::: Data shown :::

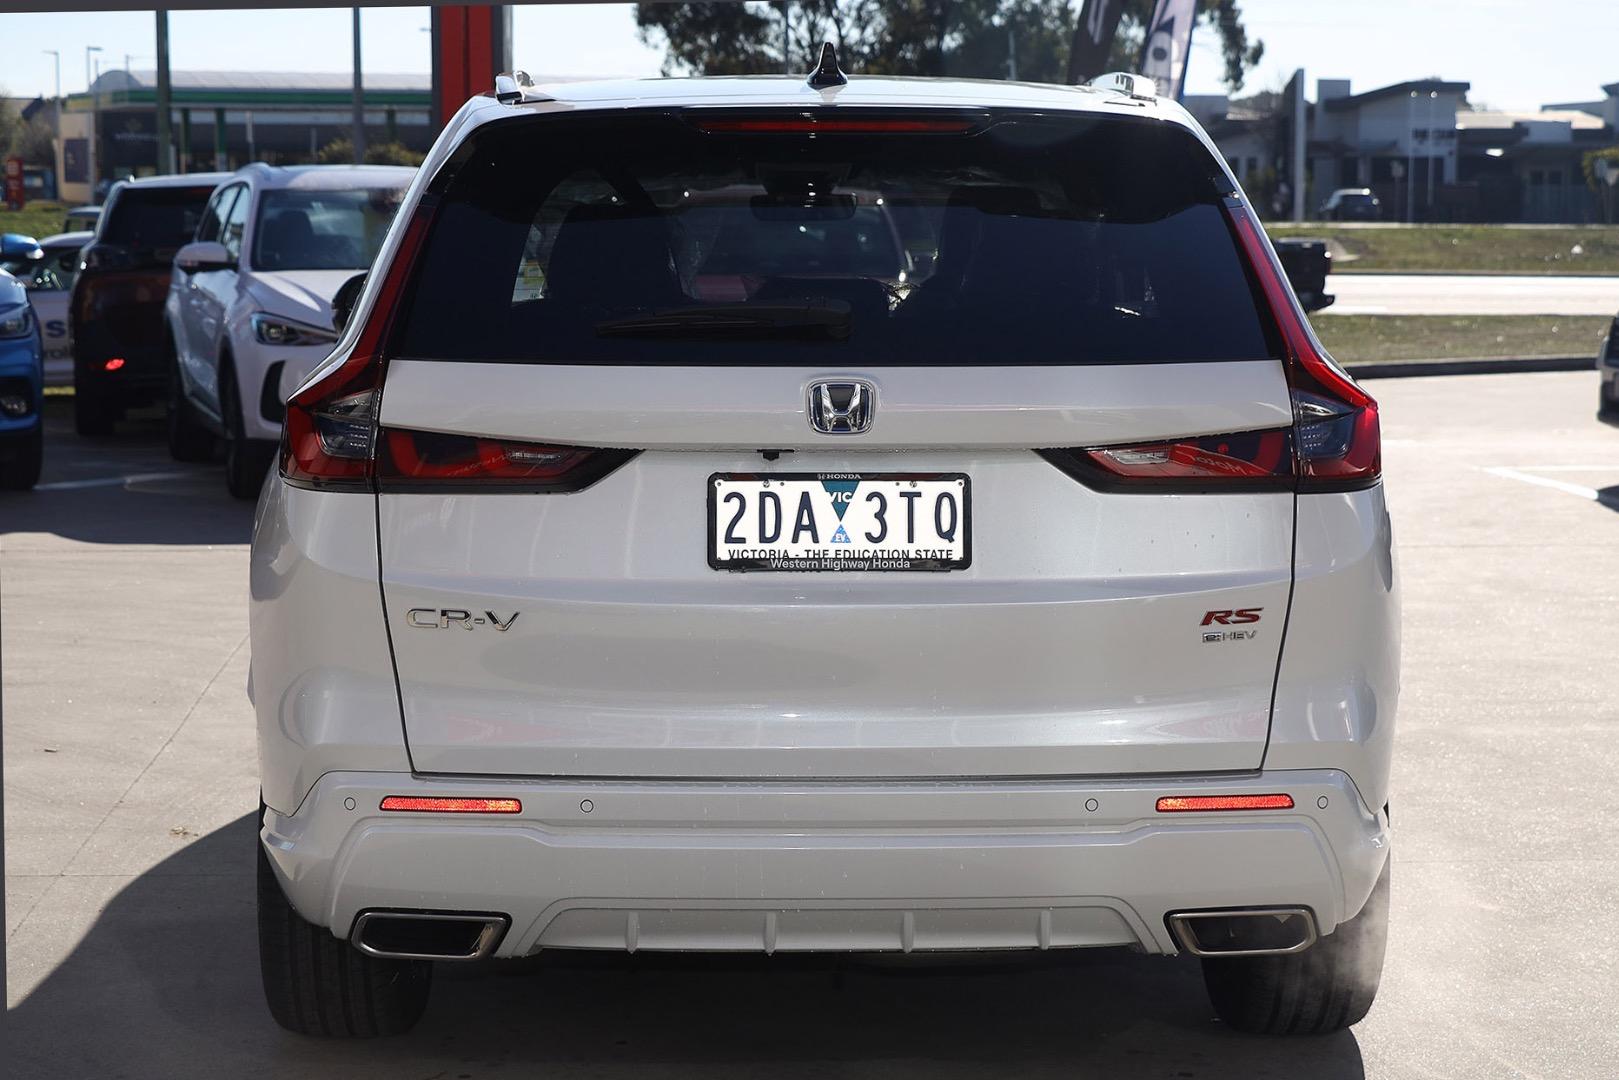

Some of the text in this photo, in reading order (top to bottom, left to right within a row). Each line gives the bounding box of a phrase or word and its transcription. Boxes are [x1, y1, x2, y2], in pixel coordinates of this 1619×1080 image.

[828, 491, 853, 503] VIC
[723, 491, 958, 544] 2DA 3TQ
[728, 549, 791, 559] VICTORIA
[804, 549, 829, 559] THE
[835, 549, 910, 559] EDUCATION
[915, 549, 953, 559] STATE
[770, 559, 911, 571] Western Highway Honda
[406, 608, 520, 632] CR-V
[1200, 607, 1264, 626] RS
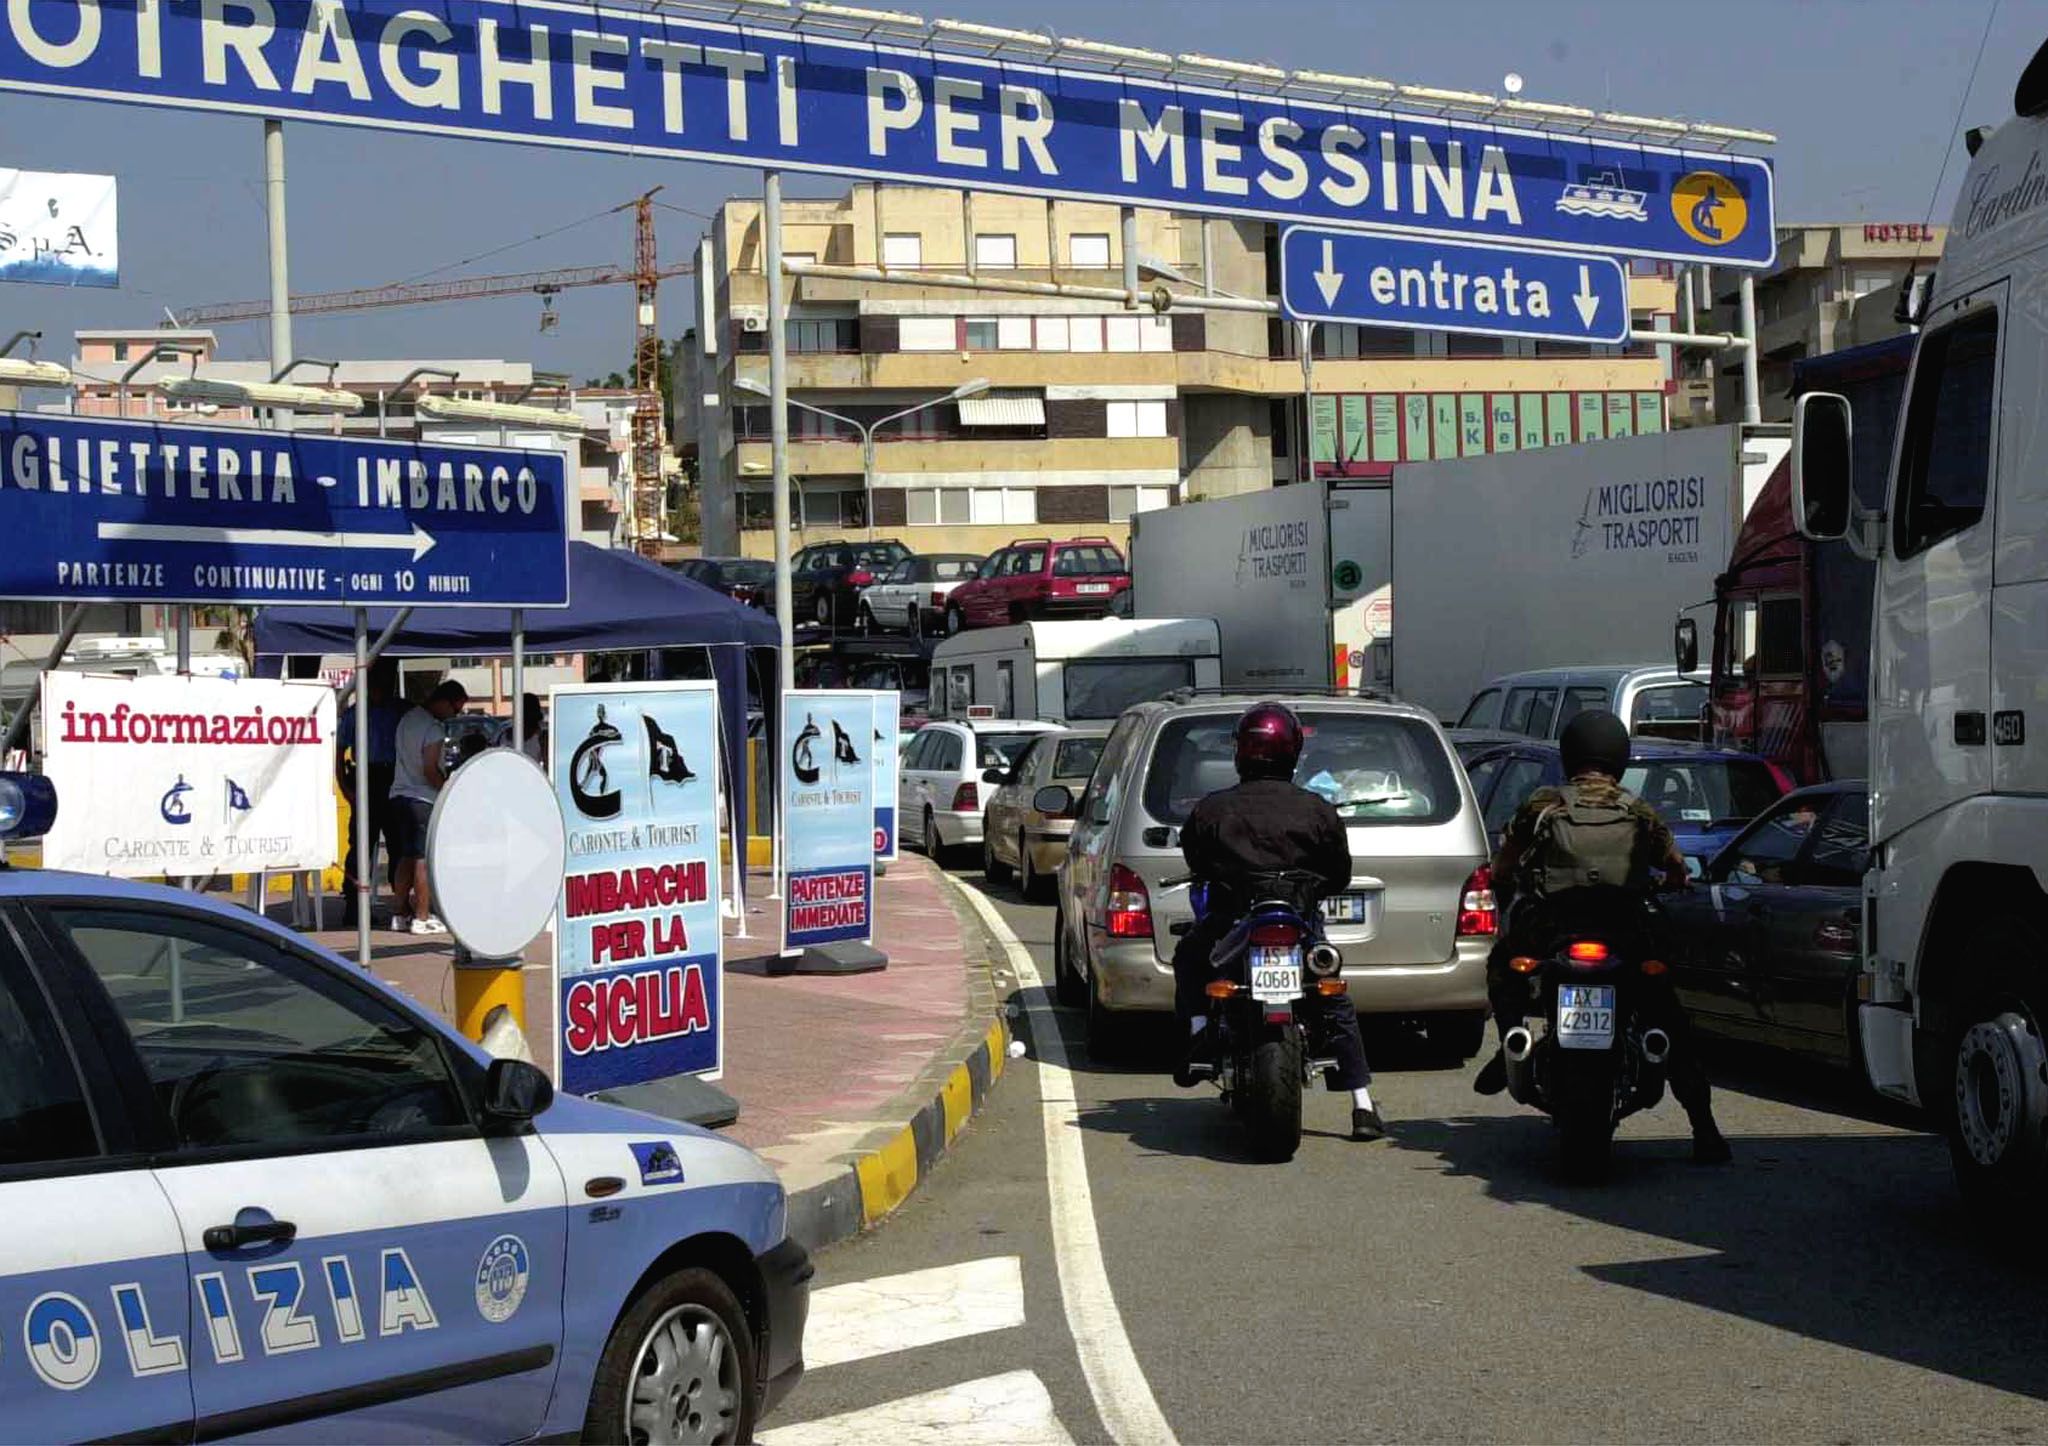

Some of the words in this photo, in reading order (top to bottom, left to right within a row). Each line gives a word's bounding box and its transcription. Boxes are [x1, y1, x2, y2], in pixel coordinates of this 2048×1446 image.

:::

Exercise details: The material above should be returned exactly, without pictures.

Reply:
Some of the text in this photo, in reading order (top to bottom, left to right within a row). Each line gives the bounding box of a phrase or word and its transcription. Boxes are [x1, y1, x2, y2], in pixel coordinates of this 1619×1080 image.

[828, 491, 853, 503] VIC
[723, 491, 958, 544] 2DA 3TQ
[728, 549, 791, 559] VICTORIA
[804, 549, 829, 559] THE
[835, 549, 910, 559] EDUCATION
[915, 549, 953, 559] STATE
[770, 559, 911, 571] Western Highway Honda
[406, 608, 520, 632] CR-V
[1200, 607, 1264, 626] RS

Some of the words in this photo, in reading order (top to bottom, left to right within a row). Each line gives a word's bounding box and its transcription. Boxes are [x1, y1, x2, y2], in pixel coordinates of this 2048×1446 image.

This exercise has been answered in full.